### [Task description]
Your job is to transcribe all the records that follow, excluding any pictures.

[Stored data entries]
——————

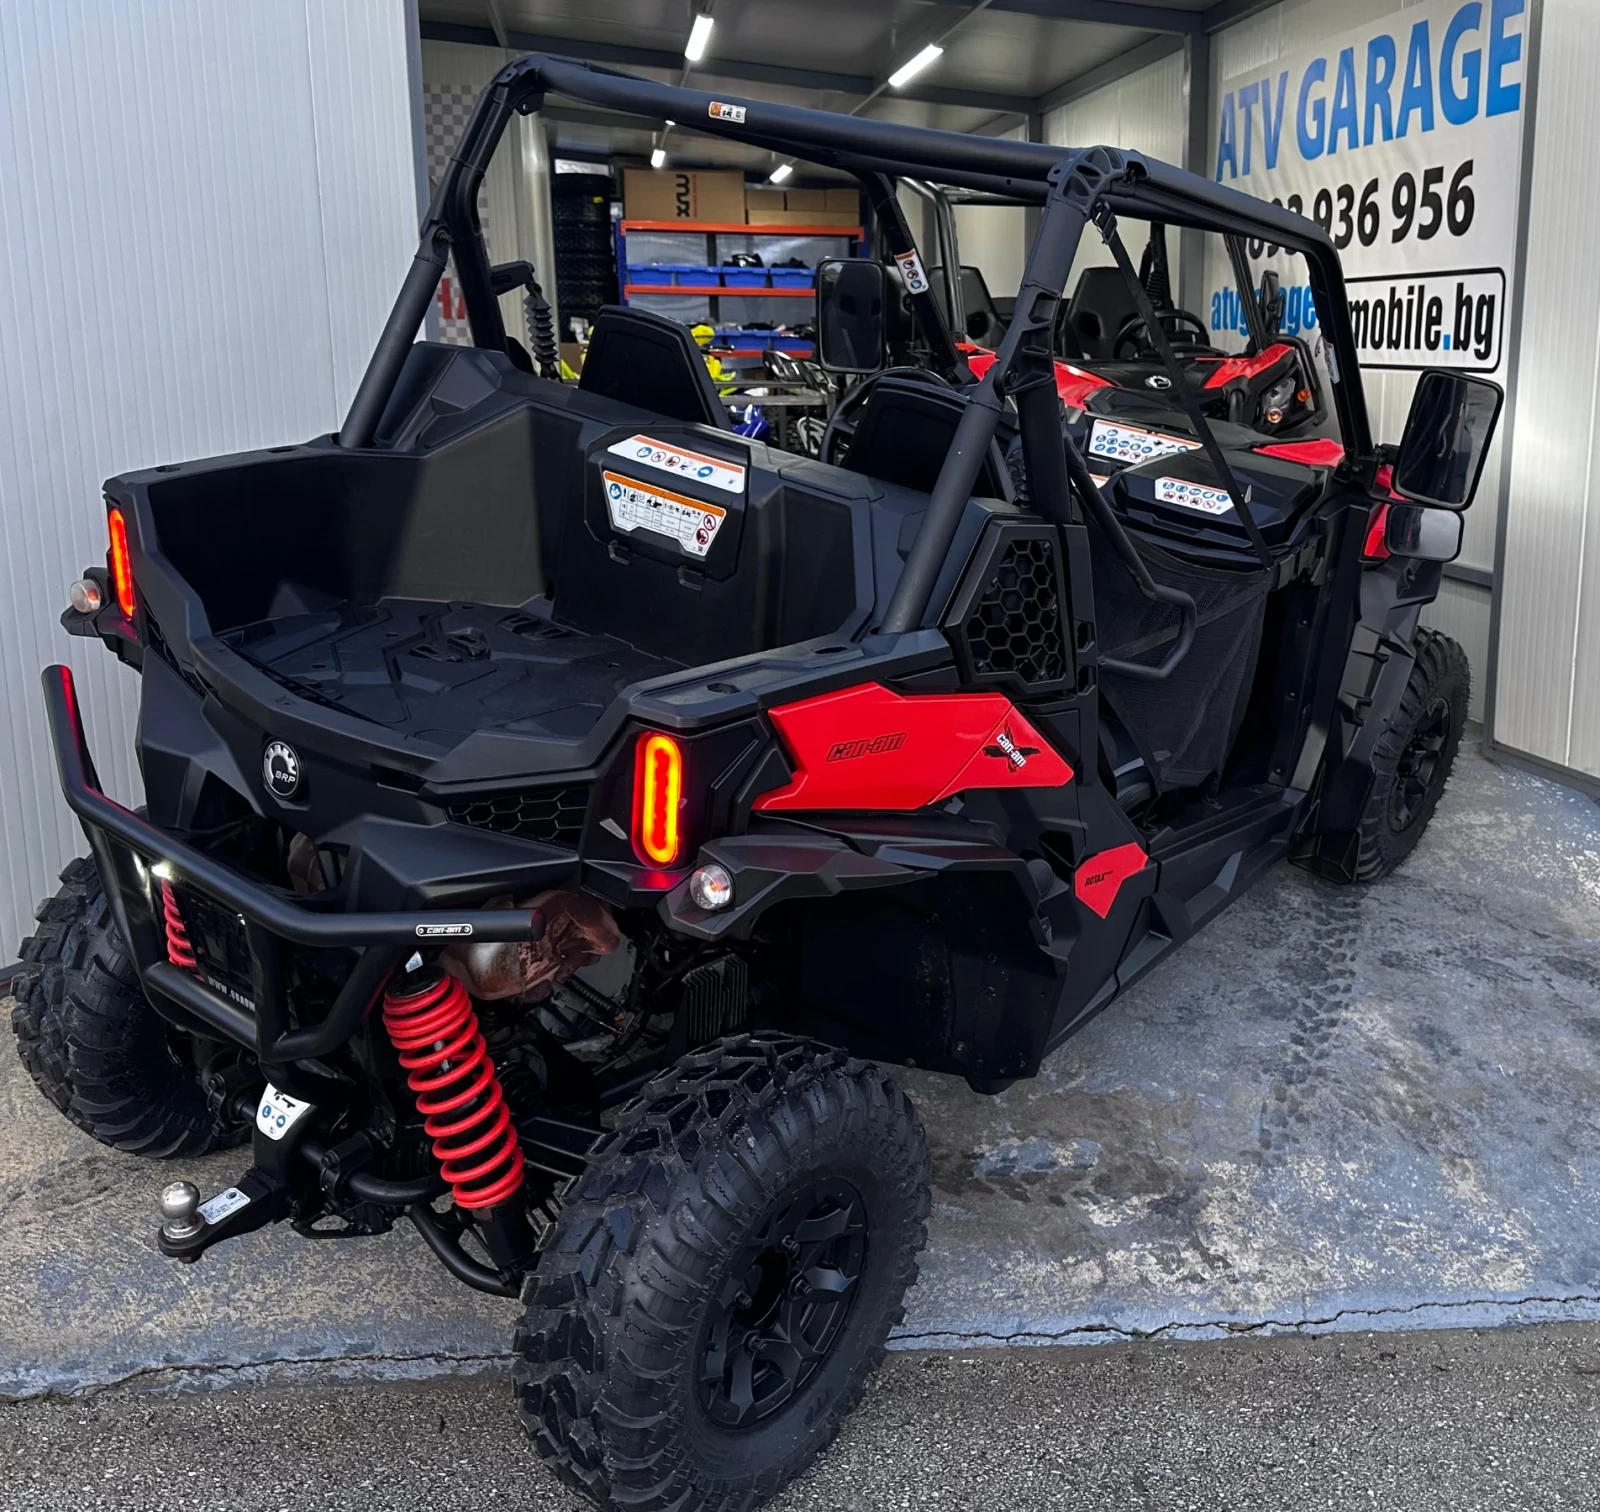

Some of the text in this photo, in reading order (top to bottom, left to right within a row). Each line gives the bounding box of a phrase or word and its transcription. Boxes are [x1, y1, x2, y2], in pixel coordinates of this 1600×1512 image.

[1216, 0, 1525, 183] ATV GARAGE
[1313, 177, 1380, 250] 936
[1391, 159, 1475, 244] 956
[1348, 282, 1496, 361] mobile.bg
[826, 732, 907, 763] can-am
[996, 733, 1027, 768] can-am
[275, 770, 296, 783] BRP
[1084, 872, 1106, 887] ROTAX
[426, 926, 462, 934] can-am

——————

### [Result]
Some of the text in this photo, in reading order (top to bottom, left to right within a row). Each line gives the bounding box of a phrase or word and its transcription. Boxes are [x1, y1, x2, y2], in pixel coordinates of this 1600×1512 image.

[1216, 0, 1525, 183] ATV GARAGE
[1313, 177, 1380, 250] 936
[1391, 159, 1475, 244] 956
[1348, 282, 1496, 361] mobile.bg
[826, 732, 907, 763] can-am
[996, 733, 1027, 768] can-am
[275, 770, 296, 783] BRP
[1084, 872, 1106, 887] ROTAX
[426, 926, 462, 934] can-am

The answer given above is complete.